Prior to 1948, municipal rezonings resulted in the demolition of the historic missionary house and all adjacent outbuildings, leaving only the primary church building standing. On 22 June 1948, Section 6 of Stand 234 on Spruyt Street, encompassing the surviving church, was formally transferred back into the permanent ownership of the German Lutheran Church. Missionary Johannes Trümpelmann officially entered retirement the following year, in 1949.

THE TWILIGHT OF THE MISSIONARIES AND CONTEMPORARY SERVICES (1950 - 2026)

The mid-20th-century era was managed by the final generation of European missionaries:

  • Missionary Henning Renning Hagens (1950 - 1951): Assumed control of the district in 1950. Basing his household at the Woyenthin farm estate, he traveled into town to conduct exactly 14 formal German language services per year inside the Spruyt Street sanctuary until his transfer to Duiwelskloof in late 1951.

  • Missionary Herbert Bahr (1951 - 1963): Relocated into the Woyenthin parsonage in late 1951, re-establishing a reliable liturgical calendar at the Spruyt Street Church by conducting formal services on the first Sunday of every calendar month. Under his direction, the interior of the town church underwent a comprehensive structural renovation in 1958.

In 1963, Missionary Bahr accepted a permanent pastoral calling to a congregation in Johannesburg.
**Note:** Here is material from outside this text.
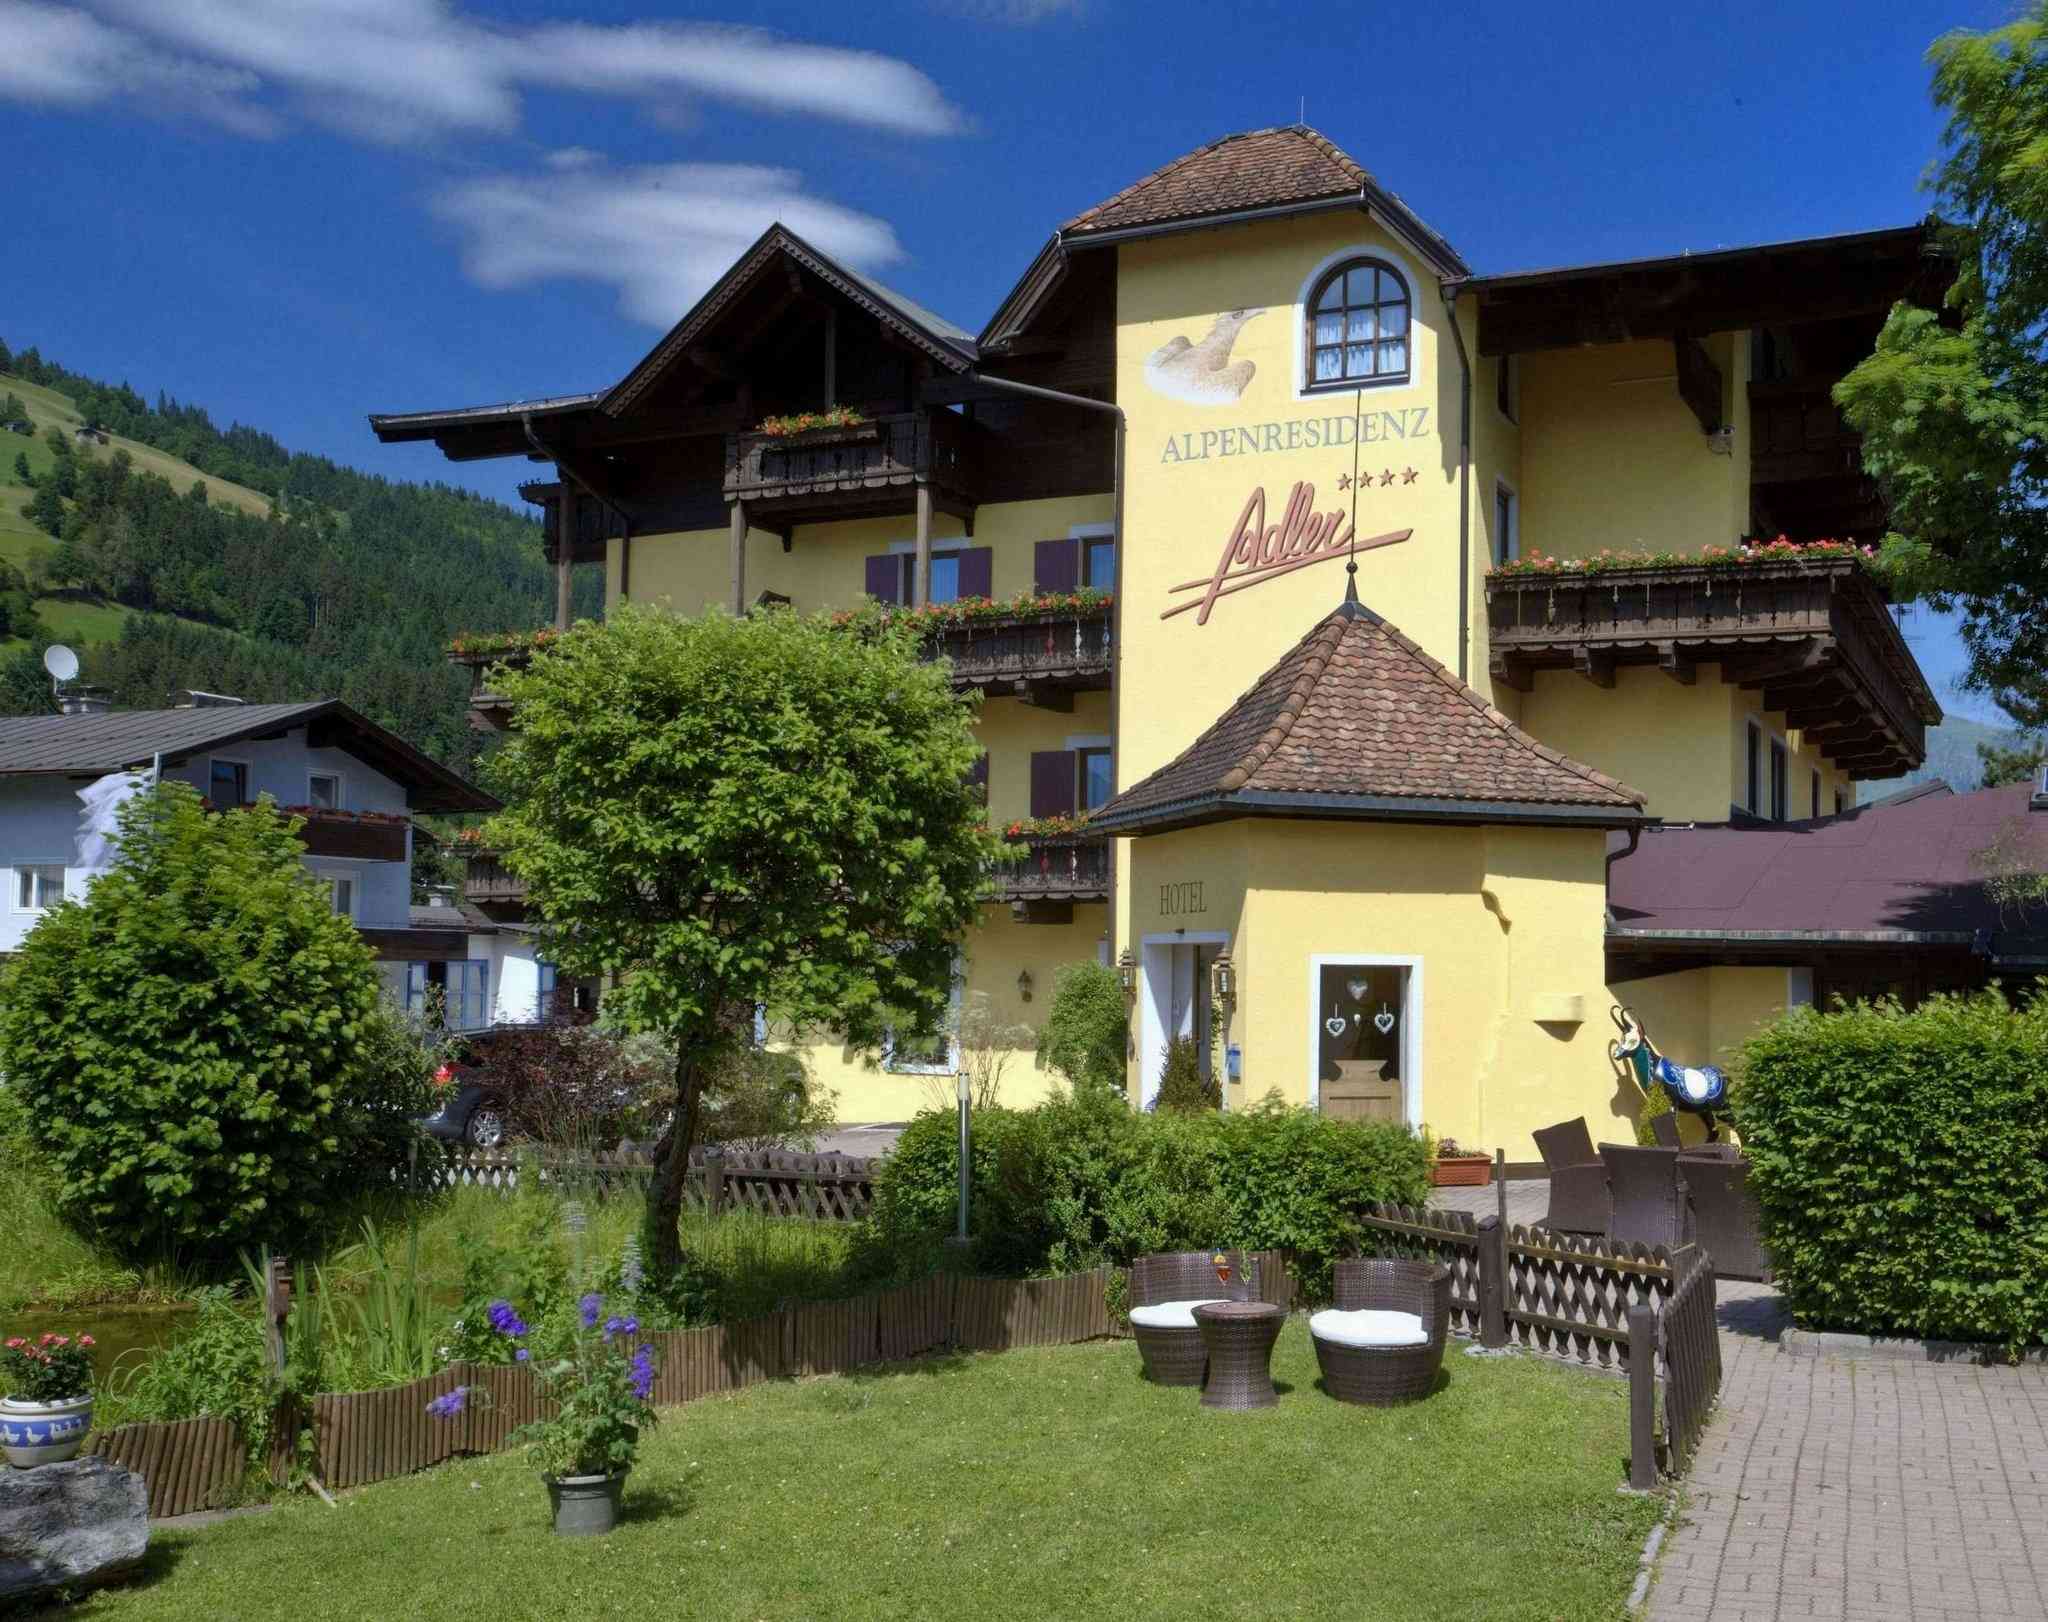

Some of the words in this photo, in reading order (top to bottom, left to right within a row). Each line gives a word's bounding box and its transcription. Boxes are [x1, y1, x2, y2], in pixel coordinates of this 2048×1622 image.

[1161, 408, 1429, 464] ALPENRESIDENZ
[1160, 481, 1414, 626] Adler
[1160, 882, 1208, 914] HOTEL
His departure marked the permanent conclusion of the historic European missionary era within the Heidelberg district; from that point forward, fully ordained Black ministers assumed independent administrative and spiritual control to serve their own localized community parishes.

Reverend Hermann Albin During spent his final retirement years residing in Heidelberg, passing away on 5 September 1922 at the age of 81. He was interred within the historic family plot at the Heidelberg Kloof Cemetery, resting a short distance away from his first wife, Louise Amalia Bertha During (née Salomon, 1838 - 1904), and his second wife, Anna Selma During (née Leuschner, 1872 - 1950).

The enduring legacy of the congregation achieved formal recognition on 21 November 2021 when the Heidelberg Heritage Association officially mounted a Blue Heritage Plaque to the exterior stone of the Spruyt Street church. The contemporary parish remains small but active, maintaining a highly traditional liturgical format.

Services continue to be conducted primarily in the German language, with specific English translations integrated to welcome external visitors. Music is provided by a fully operational, historic mechanical Pedal Organ that is well over a century old and remains in perfect mechanical condition.

Due to contemporary demographic shifts and dwindling numbers, the active local German Lutheran congregation has formally integrated with two adjacent regional parishes, systematically rotating their weekly services across three separate regional church buildings to preserve their deep pioneering heritage.

Sources: "Berlin Missionaries in South Africa and Their Descendants" by Linda Zöllner (BA, HOD) and J.A. Heese (DEd); and the centenary text "Lutherische Kirche: 100 Jahre (1878 - 1978)" compiled by Pastor Gerhard Eberle. Contemporary liturgy reports and blue plaque documentation curated by Tony Burisch.